What To Do To KEep Weight In Check

As a result, more fatty acids and other nutrients are available to support tumour growth.

“This metabolic reprogramming orchestrated by the loss of p62 in adipocytes appears to help tumours cope with the high-energy demands of an aggressive cancer,” said Diaz-Meco.

Additional experiments have shown that p62 deficiency in fat tissue promotes the synthesis of proteins called osteopontin and Cpt1a, which are critical for prostate cancer proliferation, migration and invasion.

These findings are clinically relevant because high levels of osteopontin and Cpt1a are associated with aggressive, metastatic castration-resistant prostate cancer in humans.

“The significance is huge because we identify a new set of therapeutic targets that, if modulated, should block the ability of activated adipose tissue to promote tumour malignancy,” said the paper’s co-auther Jorge Moscat at the SBP.

Losing weight is a tough task, but these two keys things can help you keep your weight in check.

1. Have a healthy and balance diet - fruit and vegetables, starchy carbohydrate, dairy and protein.

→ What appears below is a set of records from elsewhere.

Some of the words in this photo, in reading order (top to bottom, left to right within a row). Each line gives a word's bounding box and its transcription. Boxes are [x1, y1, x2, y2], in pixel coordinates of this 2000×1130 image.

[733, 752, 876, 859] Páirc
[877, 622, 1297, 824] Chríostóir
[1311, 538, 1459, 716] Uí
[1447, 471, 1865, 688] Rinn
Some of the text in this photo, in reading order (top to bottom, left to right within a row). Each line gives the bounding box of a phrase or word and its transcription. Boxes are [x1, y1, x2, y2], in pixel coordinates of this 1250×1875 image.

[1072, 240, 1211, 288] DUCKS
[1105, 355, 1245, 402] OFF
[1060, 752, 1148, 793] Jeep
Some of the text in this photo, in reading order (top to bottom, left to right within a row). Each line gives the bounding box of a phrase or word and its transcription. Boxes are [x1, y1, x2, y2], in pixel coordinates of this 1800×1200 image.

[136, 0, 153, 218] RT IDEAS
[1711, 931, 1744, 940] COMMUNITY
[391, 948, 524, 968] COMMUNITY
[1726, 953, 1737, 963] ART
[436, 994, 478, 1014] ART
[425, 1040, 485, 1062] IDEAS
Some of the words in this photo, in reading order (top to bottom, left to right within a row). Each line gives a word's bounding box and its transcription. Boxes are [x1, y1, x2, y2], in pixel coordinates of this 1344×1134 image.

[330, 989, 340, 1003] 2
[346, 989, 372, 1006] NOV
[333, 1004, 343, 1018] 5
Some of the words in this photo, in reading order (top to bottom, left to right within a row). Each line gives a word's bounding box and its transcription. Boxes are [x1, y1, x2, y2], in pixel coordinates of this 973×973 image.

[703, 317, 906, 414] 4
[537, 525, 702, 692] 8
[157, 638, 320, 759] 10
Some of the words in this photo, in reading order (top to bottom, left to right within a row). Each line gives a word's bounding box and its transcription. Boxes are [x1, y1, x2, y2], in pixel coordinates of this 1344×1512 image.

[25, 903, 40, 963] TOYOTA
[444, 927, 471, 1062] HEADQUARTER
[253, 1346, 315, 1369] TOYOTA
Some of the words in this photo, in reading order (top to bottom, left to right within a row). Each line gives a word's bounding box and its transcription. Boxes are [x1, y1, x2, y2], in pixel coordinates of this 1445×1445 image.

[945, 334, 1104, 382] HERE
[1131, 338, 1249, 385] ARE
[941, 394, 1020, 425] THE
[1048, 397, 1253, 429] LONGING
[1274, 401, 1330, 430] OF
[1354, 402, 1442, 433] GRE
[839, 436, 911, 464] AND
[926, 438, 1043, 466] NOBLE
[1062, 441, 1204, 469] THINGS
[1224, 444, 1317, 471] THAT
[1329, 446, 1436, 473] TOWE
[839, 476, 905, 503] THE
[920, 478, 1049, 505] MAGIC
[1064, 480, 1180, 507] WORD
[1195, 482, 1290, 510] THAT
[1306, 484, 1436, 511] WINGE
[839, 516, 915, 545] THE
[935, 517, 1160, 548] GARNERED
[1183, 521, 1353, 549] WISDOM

2. Be more physically active - find every opportunity to exercise. 

Small manageable changes are helpful for not only losing weight but keeping the weight off. 

If you love soft drinks, this may not be friendly but it is important that you do it to stay healthy.

You just have to cut down on sugary drinks, reduce portion sizes and maintaining regular meal times. 

Also Read: See What WHO Says Is Making Your Child Obese

Always keep an eye on the weight of your children because obese children are more likely to grow into obese adults and obese adults are more at risk of cancer.